Un metaverso “cool”, concreto e virtuoso… indagini in corso

Mentre il cooling cambia continuamente, spingendo Schneider Electric a un approccio aperto e cooperativo, “di ecosistema”, l’azienda guarda anche a opportunità tecnologiche più “futuristiche”. L’obiettivo resta quello della sostenibilità del mondo digitale, da provare a raggiungere puntando per esempio sulla realtà virtuale e i digital twin. “Stiamo ragionando su come l’AI potrà spingere l’applicazione del metaverso, trasformandolo in una reale area di business.
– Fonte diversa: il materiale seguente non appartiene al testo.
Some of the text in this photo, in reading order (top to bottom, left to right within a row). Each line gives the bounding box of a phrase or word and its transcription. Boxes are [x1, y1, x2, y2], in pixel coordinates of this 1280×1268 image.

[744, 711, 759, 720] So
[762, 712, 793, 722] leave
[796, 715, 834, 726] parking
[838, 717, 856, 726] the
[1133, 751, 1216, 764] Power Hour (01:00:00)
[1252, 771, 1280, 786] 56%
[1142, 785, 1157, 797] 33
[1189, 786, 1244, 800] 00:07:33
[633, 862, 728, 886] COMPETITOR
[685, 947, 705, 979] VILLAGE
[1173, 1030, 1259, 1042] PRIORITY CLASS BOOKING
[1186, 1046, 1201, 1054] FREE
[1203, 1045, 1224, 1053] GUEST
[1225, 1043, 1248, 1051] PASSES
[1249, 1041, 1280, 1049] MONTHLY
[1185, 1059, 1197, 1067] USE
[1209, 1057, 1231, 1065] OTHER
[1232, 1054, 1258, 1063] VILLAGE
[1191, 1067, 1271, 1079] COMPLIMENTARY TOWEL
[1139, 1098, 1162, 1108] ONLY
Partiamo dalla realtà aumentata, puntando all’AI per spingere tutto ciò che è virtuale e riduce l’impatto ambientale” spiega Frizziero, proseguendo con degli esempi, in un crescendo verso il futuro.

Test tecnici più “emozionali” anche a distanza, per minimizzare le trasferte. Applicazioni AR per minimizzare la realizzazione di prototipi. E poi gemelli digitali che un sistema refrigerante possa interrogare su temperatura e carico frigorifero, per ricevere indicazioni e consigli. “Oggi spesso si evitano le prove di miglioramento: se un impianto funziona, si tende a non toccarlo e a non giocare coi parametri. Questo impedisce l’innovazione, mancano opportunità di migliorarne l’impatto. I digital twin aprono le frontiere agli algoritmi di ottimizzazione, permettendo di lavorare su come un impianto refrigerante opera dopo che è installato. La vera sfida si giocherà proprio in questa fase: ha un forte carbon footprint e bisogna intervenire in modo smart, con l’aiuto dell’AI” aggiunge.
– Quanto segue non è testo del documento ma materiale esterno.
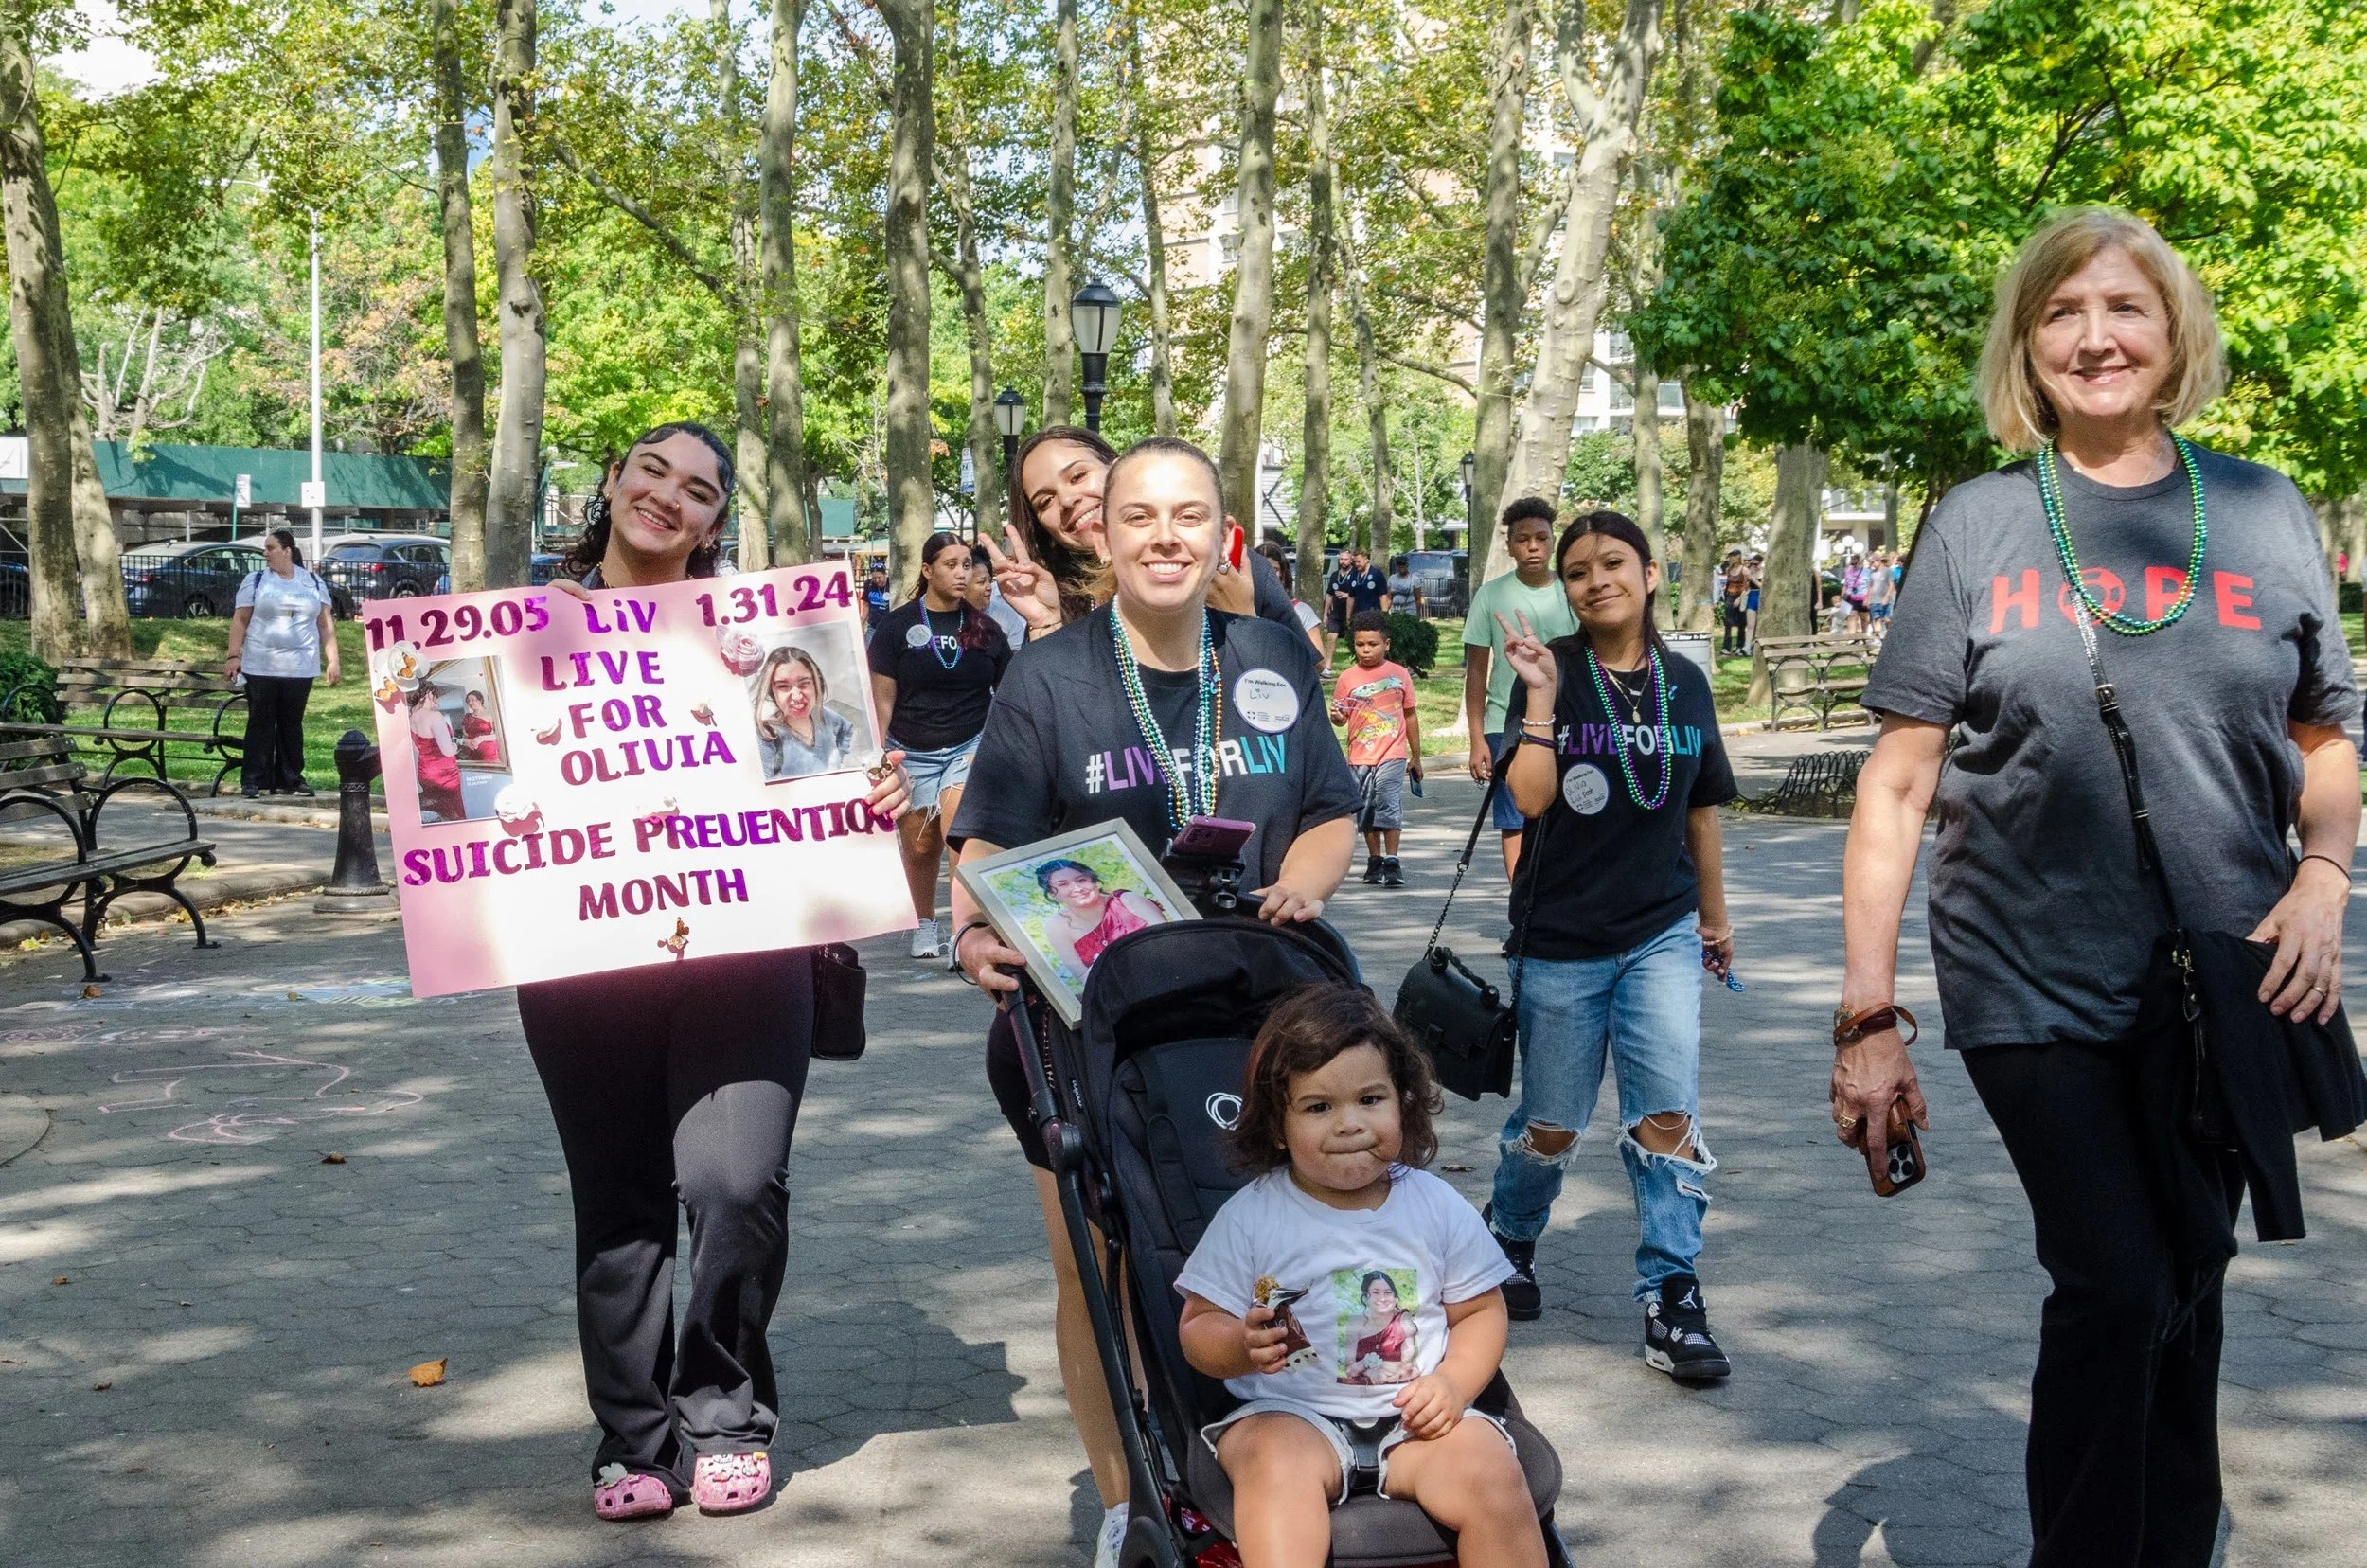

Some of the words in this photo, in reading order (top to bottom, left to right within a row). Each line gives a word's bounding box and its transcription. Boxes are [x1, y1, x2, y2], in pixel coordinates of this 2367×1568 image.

[365, 596, 549, 652] 11.29.05
[695, 571, 854, 627] 1.31.24
[1989, 566, 2262, 635] HOPE
[540, 650, 665, 691] LIVE
[568, 695, 667, 739] FOR
[1085, 734, 1287, 794] #LIVFORLIV
[403, 822, 616, 886] SUICIDE
[578, 868, 750, 921] MONTH
Refrigeranti naturali a tutti i costi? Rischio greenwashing

Spostandosi dall’impianto in sé, ma non dal sistema refrigerante nel suo complesso, si incontra quella che Frizziero considera l’altra principale sfida tecnologica del momento. Riguarda i liquidi refrigeranti: pochi danno loro peso, ma molti ne dovranno gestire gli sviluppi e gli impatti.

Questa “partita” va giocata all’interno di un quadro legislativo complesso. C’è il Protocollo di Montreal, che riduce la produzione e il consumo di sostanze che danneggiano lo strato di ozono, quello di Kyoto, che controlla le emissioni dei principali gas a effetto serra emessi dall’uomo (GHGs), e poi il più recente accordo di Kigali, che impone la riduzione del consumo di idrofluorocarburi (HFC) dell’80-85% entro il 2045. Il panorama legislativo è anche geograficamente disomogeneo, con un’UE che ha adottato forti restrizioni sui gas fluorurati, Cina e India che hanno ratificato solo di recente Kigali e gli Stati Uniti ancora più tardi.

La tecnologia segue leggi e restrizioni, intanto bada al design e alle norme edilizie, focalizzandosi anche sull’infiammabilità e sulla bassa densità che avranno entrambe un impatto significativo sul futuro del cooling. Schneider Electric sta portando avanti un suo programma di innovazione dedicato ai refrigeranti naturali per data center, per lo studio e la convalida di una soluzione adatte alle applicazioni IT.

Oggi sta lavorando sui fondamenti dell’acqua come refrigerante, mentre studia le prestazioni su CO2, ammoniaca e propano. Seguiranno verifiche in laboratorio, prototipi e un vero e proprio report “ufficiale” sui refrigeranti naturali. Al momento i migliori candidati sono acqua, CO2, ammoniaca e propano valutati soprattutto attraverso fattori quali tossicità, capacità, infiammabilità ed efficienza.

“La soluzione migliore deve essere considerata end-to-end. La sfida è non seguire i trend politici che ‘pretendono’ un refrigerante naturale solo perché si chiama ‘naturale’. Così si rischia il greenwashing” afferma Frizziero. “Va capito bene come vengono prodotti e quanto conviene la transizione, anche a livello energetico. Dobbiamo ragionare dal punto tecnologico, cercando nuove generazioni di refrigeranti per le strutture IT che siano realmente efficienti sotto tutti gli aspetti, non fermandosi al termine ‘naturali’ ma monitorandone anche i consumi energetici”.